• **What is expected**:
Reproduce every record exactly as it appears, but not the pictures.
Given data Block Start
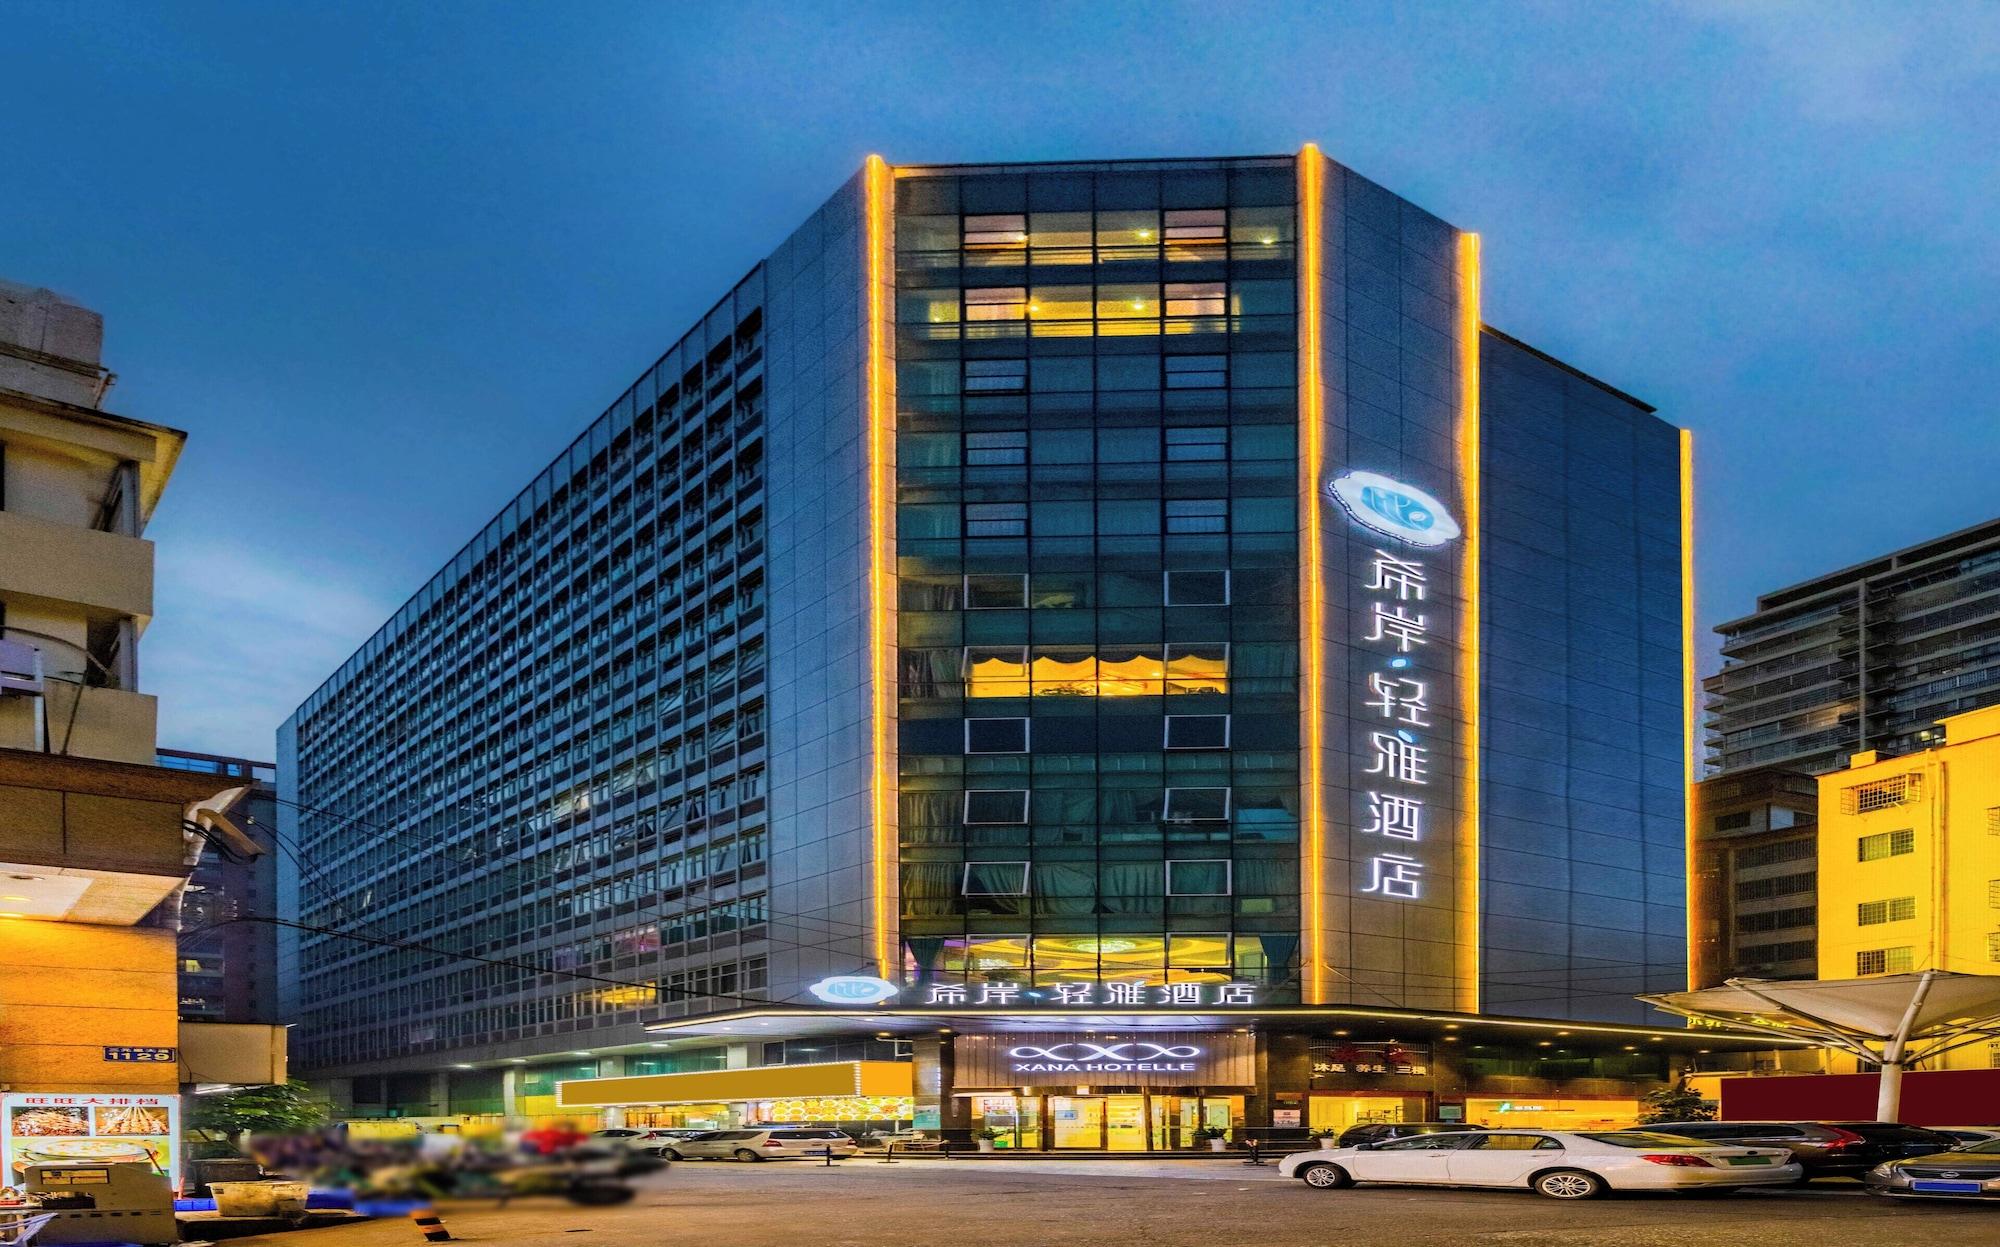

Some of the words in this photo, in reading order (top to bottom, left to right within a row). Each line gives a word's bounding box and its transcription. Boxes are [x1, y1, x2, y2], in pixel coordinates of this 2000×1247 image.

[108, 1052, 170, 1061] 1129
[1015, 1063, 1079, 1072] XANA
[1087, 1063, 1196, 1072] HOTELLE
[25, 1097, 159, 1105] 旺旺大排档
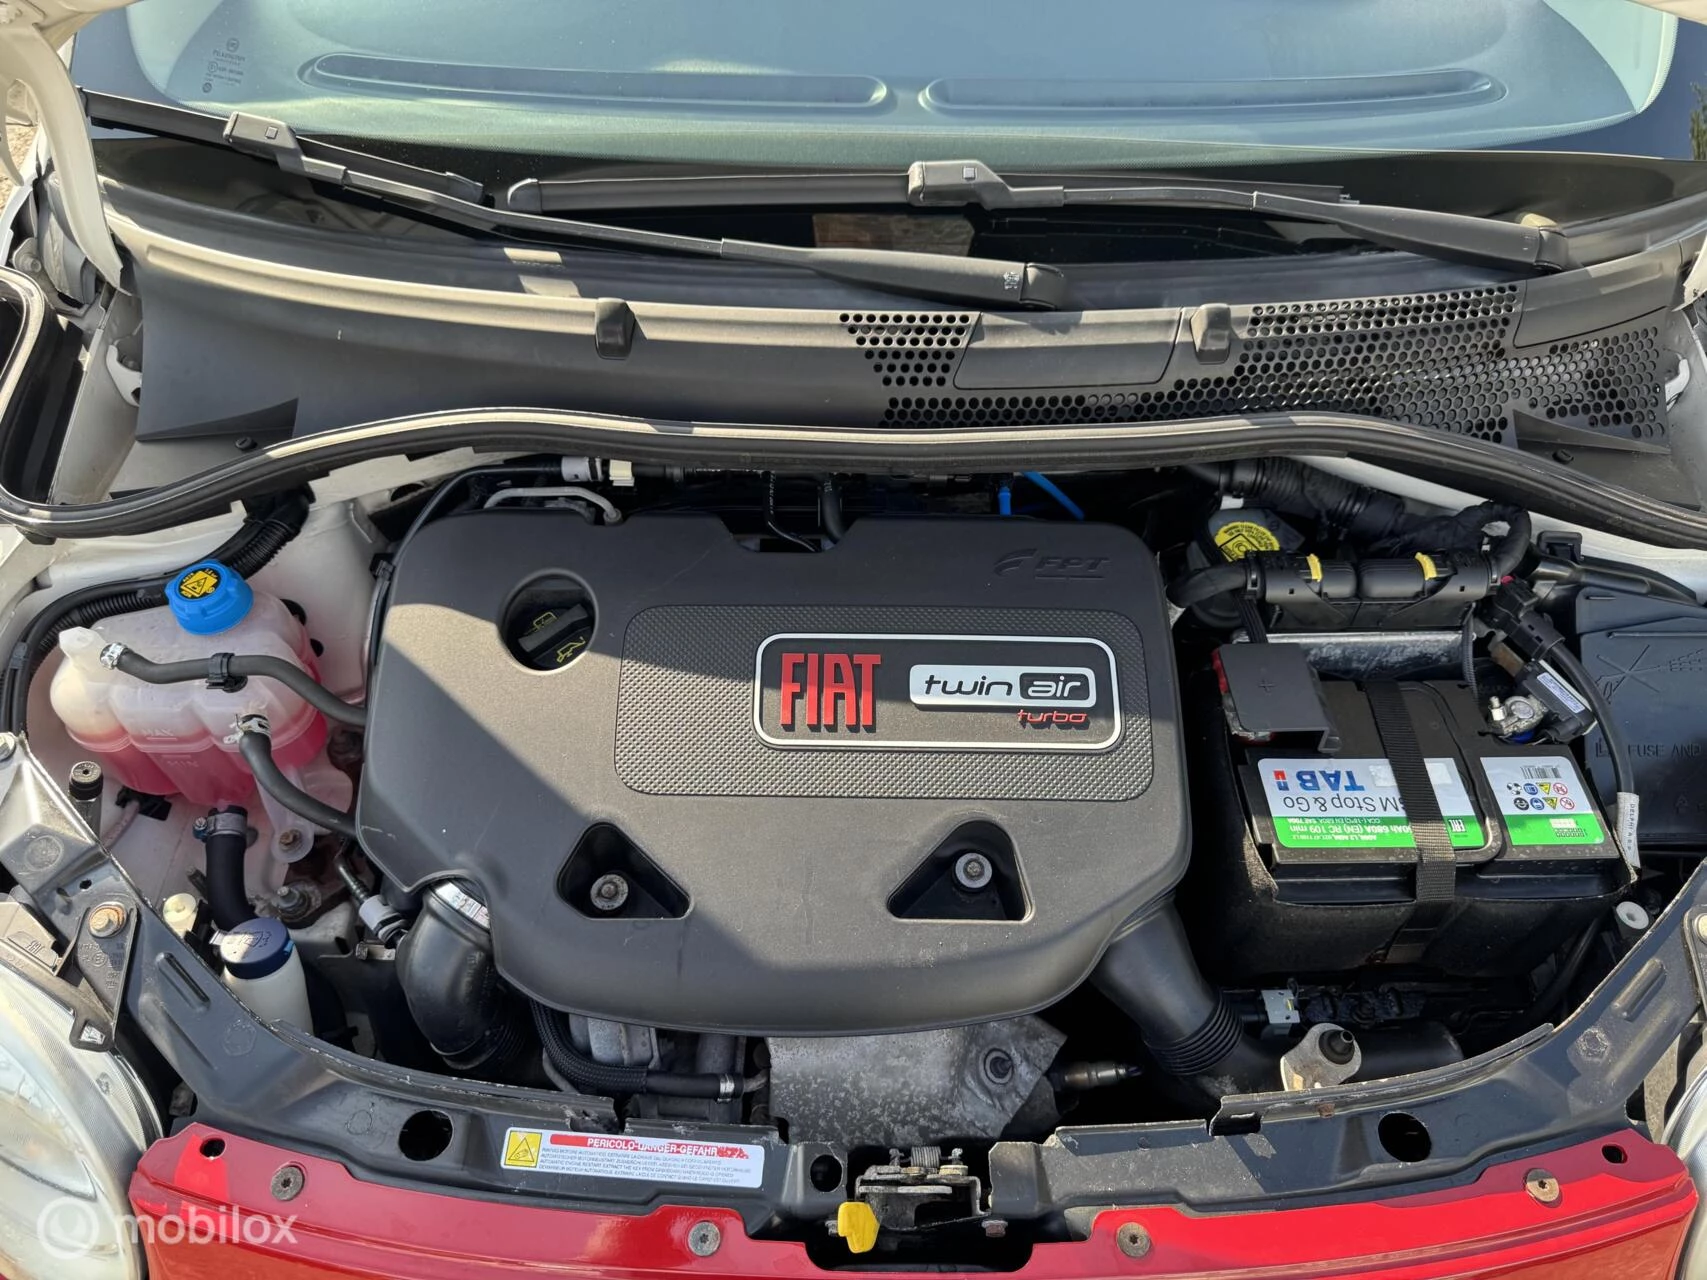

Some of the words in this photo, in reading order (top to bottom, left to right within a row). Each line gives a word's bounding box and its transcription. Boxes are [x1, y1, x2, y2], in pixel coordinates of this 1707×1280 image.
Given data Block End
• **Finished exercise**:
Some of the words in this photo, in reading order (top to bottom, left to right within a row). Each line gives a word's bounding box and its transcription. Boxes are [x1, y1, x2, y2], in pixel coordinates of this 2000×1247 image.

[108, 1052, 170, 1061] 1129
[1015, 1063, 1079, 1072] XANA
[1087, 1063, 1196, 1072] HOTELLE
[25, 1097, 159, 1105] 旺旺大排档

Some of the words in this photo, in reading order (top to bottom, left to right within a row). Each line gives a word's bounding box and its transcription. Boxes are [x1, y1, x2, y2], in pixel coordinates of this 1707×1280 image.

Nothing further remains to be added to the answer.